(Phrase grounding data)
....

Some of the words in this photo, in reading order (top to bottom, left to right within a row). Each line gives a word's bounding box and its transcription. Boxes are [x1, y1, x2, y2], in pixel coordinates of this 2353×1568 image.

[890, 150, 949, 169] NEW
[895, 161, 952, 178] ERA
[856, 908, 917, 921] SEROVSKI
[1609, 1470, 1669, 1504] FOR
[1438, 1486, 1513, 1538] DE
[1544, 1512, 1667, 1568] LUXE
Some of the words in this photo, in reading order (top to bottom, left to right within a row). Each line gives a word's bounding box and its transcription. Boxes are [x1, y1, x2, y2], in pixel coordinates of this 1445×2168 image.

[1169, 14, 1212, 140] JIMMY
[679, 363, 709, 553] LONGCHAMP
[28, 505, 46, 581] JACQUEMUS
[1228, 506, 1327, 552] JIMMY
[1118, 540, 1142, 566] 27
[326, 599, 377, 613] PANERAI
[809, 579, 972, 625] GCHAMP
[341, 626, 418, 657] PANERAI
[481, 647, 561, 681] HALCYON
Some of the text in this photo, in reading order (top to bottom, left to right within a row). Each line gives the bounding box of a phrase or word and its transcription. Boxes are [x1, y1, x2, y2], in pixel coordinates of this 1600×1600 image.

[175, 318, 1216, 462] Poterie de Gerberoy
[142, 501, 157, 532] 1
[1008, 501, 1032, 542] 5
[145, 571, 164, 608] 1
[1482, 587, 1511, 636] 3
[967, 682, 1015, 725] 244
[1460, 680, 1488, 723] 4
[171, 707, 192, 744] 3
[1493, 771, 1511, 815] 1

....

→ What you are asked to do
All of the lines above are to be restated word for word.

→ Response to the task
Some of the words in this photo, in reading order (top to bottom, left to right within a row). Each line gives a word's bounding box and its transcription. Boxes are [x1, y1, x2, y2], in pixel coordinates of this 2353×1568 image.

[890, 150, 949, 169] NEW
[895, 161, 952, 178] ERA
[856, 908, 917, 921] SEROVSKI
[1609, 1470, 1669, 1504] FOR
[1438, 1486, 1513, 1538] DE
[1544, 1512, 1667, 1568] LUXE
Some of the words in this photo, in reading order (top to bottom, left to right within a row). Each line gives a word's bounding box and its transcription. Boxes are [x1, y1, x2, y2], in pixel coordinates of this 1445×2168 image.

[1169, 14, 1212, 140] JIMMY
[679, 363, 709, 553] LONGCHAMP
[28, 505, 46, 581] JACQUEMUS
[1228, 506, 1327, 552] JIMMY
[1118, 540, 1142, 566] 27
[326, 599, 377, 613] PANERAI
[809, 579, 972, 625] GCHAMP
[341, 626, 418, 657] PANERAI
[481, 647, 561, 681] HALCYON
Some of the text in this photo, in reading order (top to bottom, left to right within a row). Each line gives the bounding box of a phrase or word and its transcription. Boxes are [x1, y1, x2, y2], in pixel coordinates of this 1600×1600 image.

[175, 318, 1216, 462] Poterie de Gerberoy
[142, 501, 157, 532] 1
[1008, 501, 1032, 542] 5
[145, 571, 164, 608] 1
[1482, 587, 1511, 636] 3
[967, 682, 1015, 725] 244
[1460, 680, 1488, 723] 4
[171, 707, 192, 744] 3
[1493, 771, 1511, 815] 1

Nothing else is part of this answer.